> [Problem statement] Reproduce the lines below verbatim. Pictures are to be omitted.
§ §
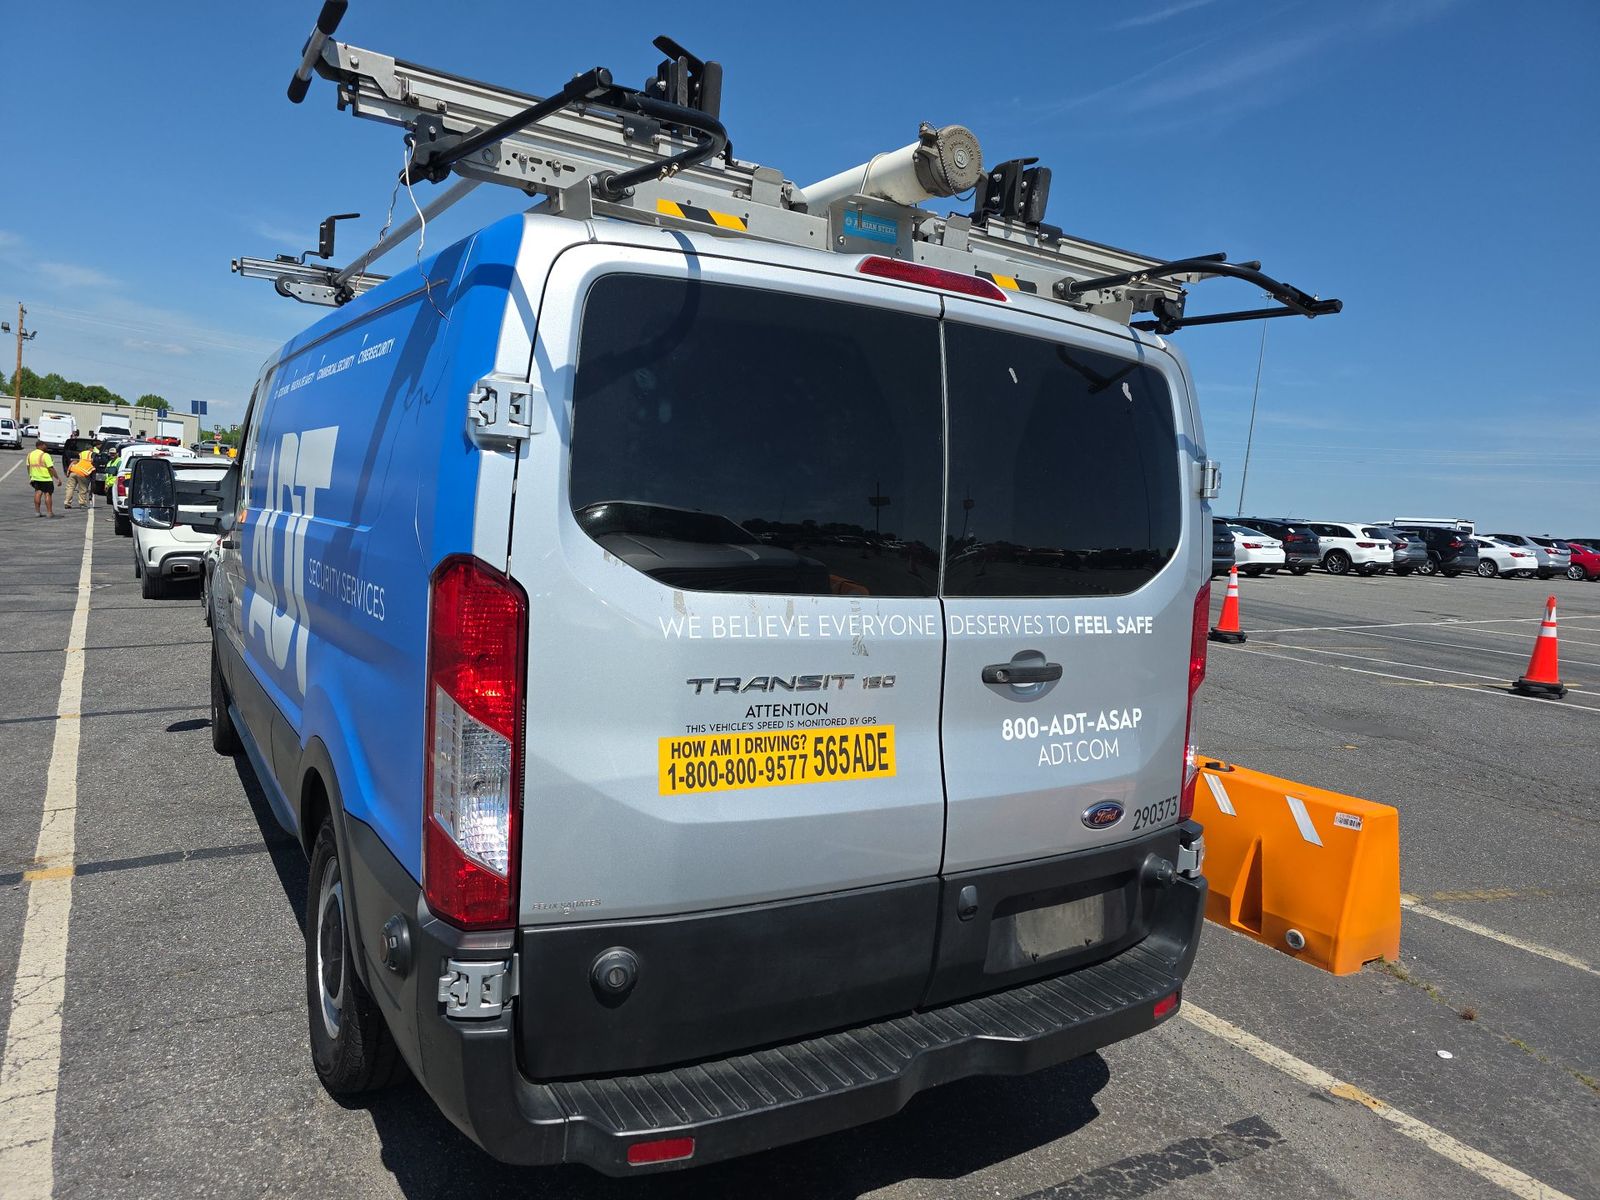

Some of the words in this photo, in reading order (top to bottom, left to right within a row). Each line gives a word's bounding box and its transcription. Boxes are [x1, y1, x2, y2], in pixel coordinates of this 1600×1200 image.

[854, 219, 877, 231] ARIAN
[878, 225, 896, 235] STEEL
[249, 425, 339, 698] ADT
[308, 558, 341, 597] SECURITY
[341, 572, 385, 622] SERVICES
[659, 615, 702, 639] WE
[712, 615, 810, 638] BELIEVE
[819, 614, 937, 637] EVERYONE
[950, 614, 1044, 635] DESERVES
[1047, 615, 1070, 635] TO
[1074, 615, 1112, 634] FEEL
[1117, 616, 1153, 634] SAFE
[687, 673, 855, 695] TRANSIT
[862, 675, 897, 689] 150
[745, 702, 829, 718] ATTENTION
[686, 724, 706, 734] THIS
[709, 721, 754, 732] VEHICLE'S
[757, 720, 785, 730] SPEED
[787, 720, 794, 729] IS
[797, 717, 848, 728] MONITORED
[849, 717, 860, 726] BY
[861, 716, 877, 725] GPS
[1001, 708, 1142, 741] 800-ADT-ASAP
[670, 740, 706, 760] HOW
[709, 738, 733, 757] AM
[736, 738, 740, 755] I
[744, 734, 807, 755] DRIVING?
[1038, 737, 1120, 767] ADT.COM
[667, 753, 808, 790] 1-800-800-9577
[1094, 807, 1119, 824] Ford
[1132, 795, 1178, 831] 290373
§ §
> [Exercise response]
Some of the words in this photo, in reading order (top to bottom, left to right within a row). Each line gives a word's bounding box and its transcription. Boxes are [x1, y1, x2, y2], in pixel coordinates of this 1600×1200 image.

[854, 219, 877, 231] ARIAN
[878, 225, 896, 235] STEEL
[249, 425, 339, 698] ADT
[308, 558, 341, 597] SECURITY
[341, 572, 385, 622] SERVICES
[659, 615, 702, 639] WE
[712, 615, 810, 638] BELIEVE
[819, 614, 937, 637] EVERYONE
[950, 614, 1044, 635] DESERVES
[1047, 615, 1070, 635] TO
[1074, 615, 1112, 634] FEEL
[1117, 616, 1153, 634] SAFE
[687, 673, 855, 695] TRANSIT
[862, 675, 897, 689] 150
[745, 702, 829, 718] ATTENTION
[686, 724, 706, 734] THIS
[709, 721, 754, 732] VEHICLE'S
[757, 720, 785, 730] SPEED
[787, 720, 794, 729] IS
[797, 717, 848, 728] MONITORED
[849, 717, 860, 726] BY
[861, 716, 877, 725] GPS
[1001, 708, 1142, 741] 800-ADT-ASAP
[670, 740, 706, 760] HOW
[709, 738, 733, 757] AM
[736, 738, 740, 755] I
[744, 734, 807, 755] DRIVING?
[1038, 737, 1120, 767] ADT.COM
[667, 753, 808, 790] 1-800-800-9577
[1094, 807, 1119, 824] Ford
[1132, 795, 1178, 831] 290373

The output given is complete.